P4–349: Homozygous TREM2 mutations: Another addition to the list of genetic causes of familial frontotemporal dementia

Background: ‘Triggering receptor expressed on myeloid cells 2’ (TREM2) is a protein that is encoded by the TREM2 gene, which is located on 6p22.2 locus (OMIM 605086). Homozygous TREM2 mutations are known to cause Nasu-Hakola disease also known as polycystic lipomembranous osteodysplasia with sclerosing leukoencephalopathy (PLOSL). PLOSL, as the name implies, is a unique disease that is characterized by multiple bone cysts and young-onset dementia. Methods: Over the recent years, we have seen 4 unrelated patients all of whom presented with a fronto-temporal dementia (FTD)-like clinical picture. All of the cases had consanguineous parents and fulfilled the revised criteria for behavioral variant FTD (bvFTD). Results: The age-of-onset varied between 20-40 years. Only one case had multiple bone cysts, which were absent in the other 3 cases.

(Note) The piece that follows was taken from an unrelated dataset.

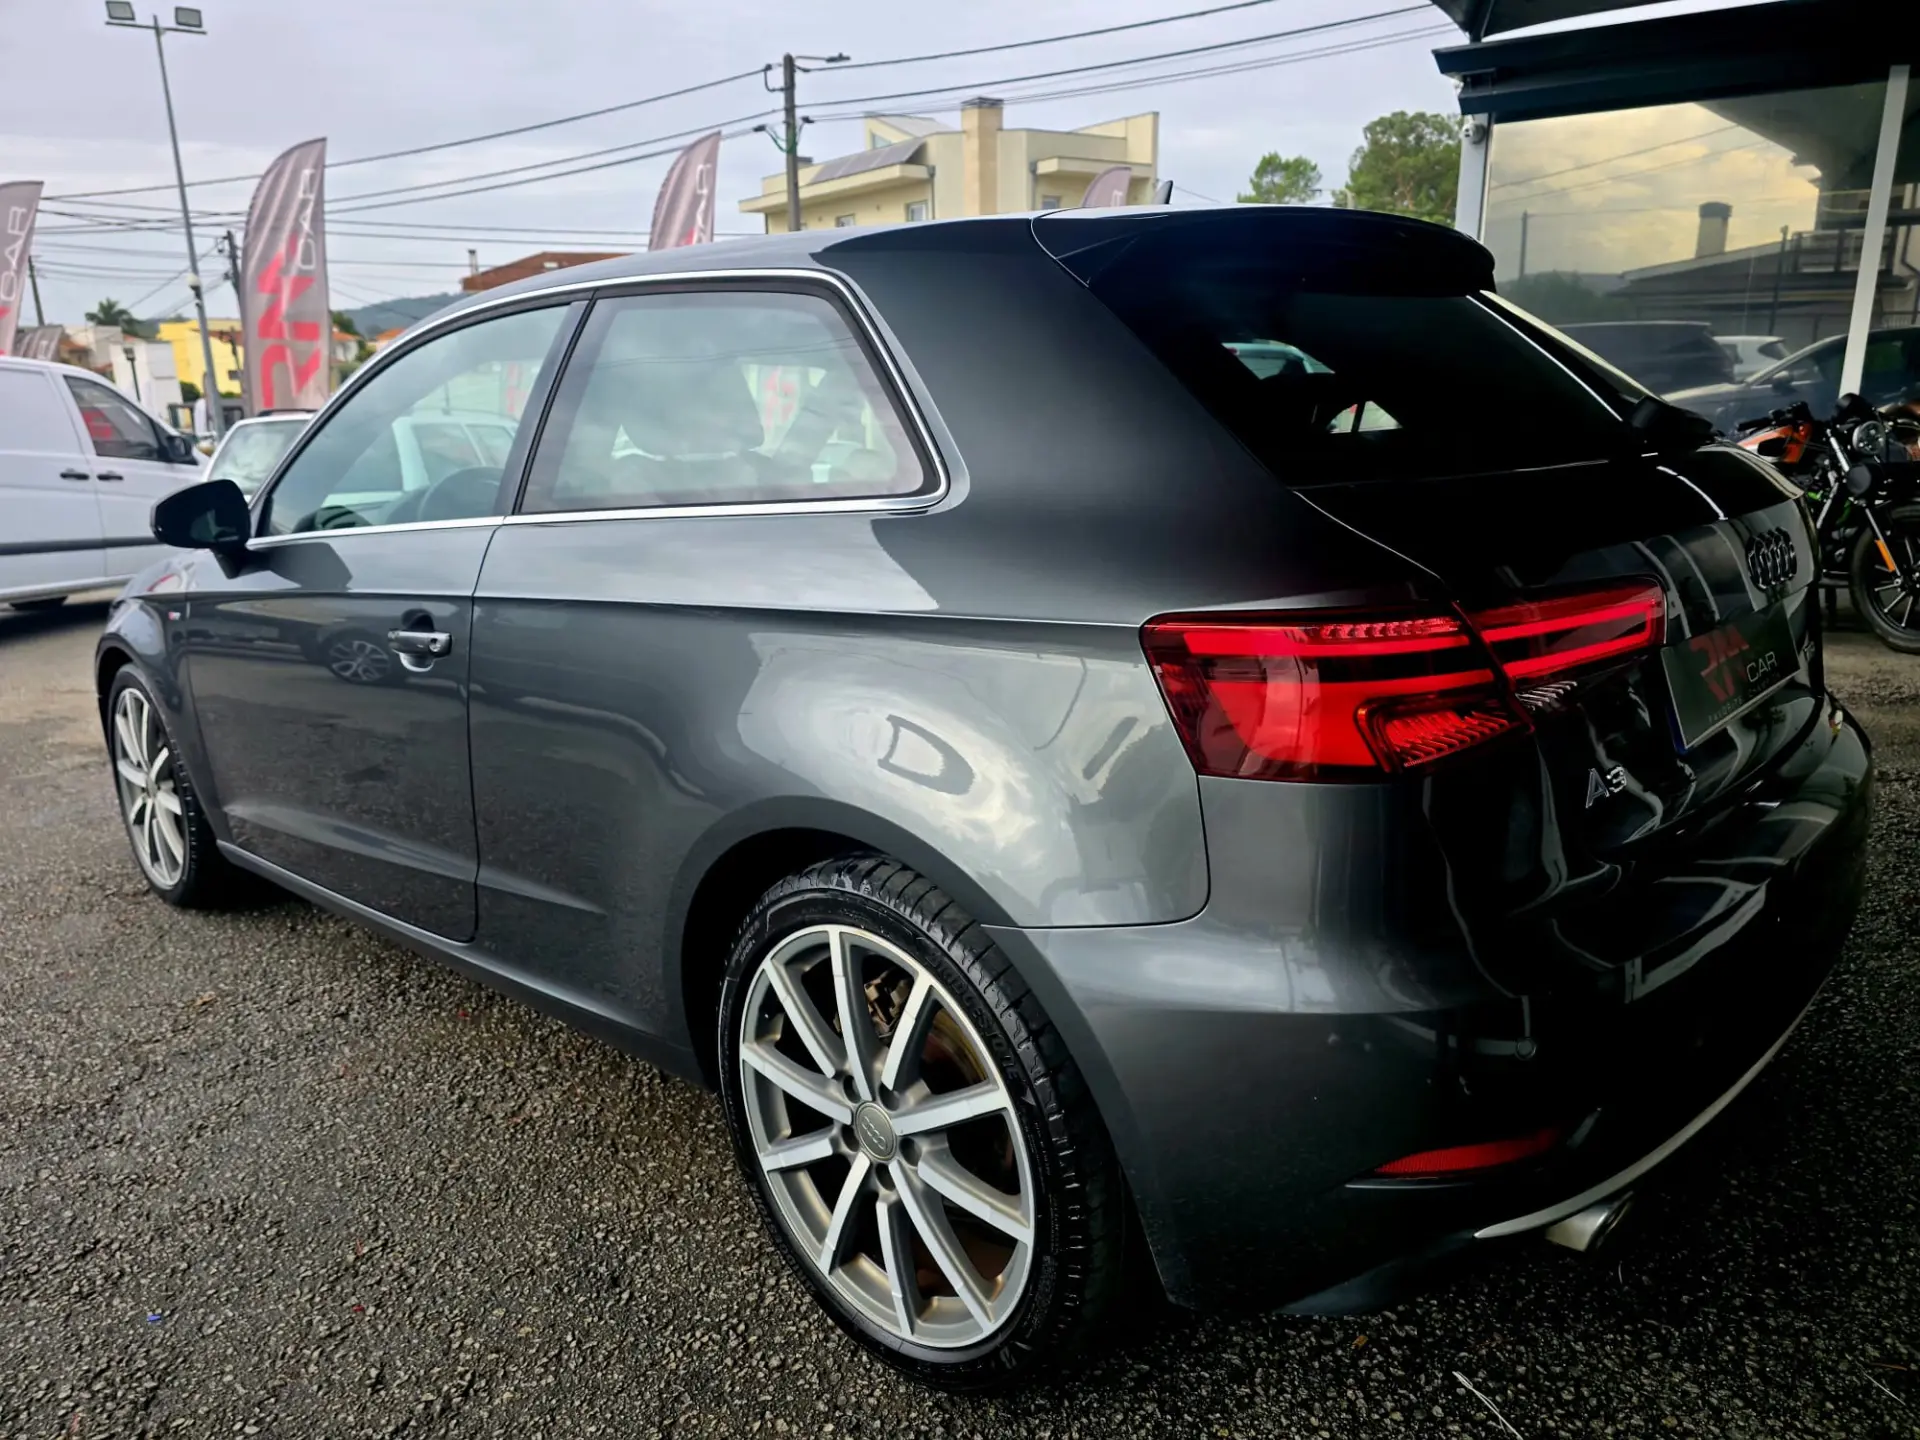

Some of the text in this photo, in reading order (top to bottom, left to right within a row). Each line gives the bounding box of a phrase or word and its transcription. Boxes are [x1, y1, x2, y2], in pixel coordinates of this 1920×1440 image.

[1, 206, 28, 301] CAR
[299, 168, 316, 270] CAR
[1746, 651, 1778, 683] CAR
[1585, 766, 1627, 809] A3

Three of them also had generalized epileptic seizures, including the single case with bone involvement. Imaging revealed almost identical findings in all: severe, prominently frontal cortical atrophy, ventricular enlargement and callosal thinning. Basal ganglia calcification was only evident in the case with bone involvement. All 3 cases without bone involvement underwent genetic analysis and were shown to harbor different homozygous mutations in TREM2 that had previously been associated with PLOSL. Conclusions: FTD-like phenotype without bone involvement had previously been shown in the 3 affected members of a Lebanese family. We propose that bone involvement is not inevitable in Nasu-Hakola disease secondary to TREM2 mutations and a bvFTD presentation in a case with consanguineous parents is a candidate for TREM2 mutation analysis. Thus, homozygous TREM2 mutations can be added to the list of genetic causes of FTD and if accepted it will be the first recessively inherited genetic cause.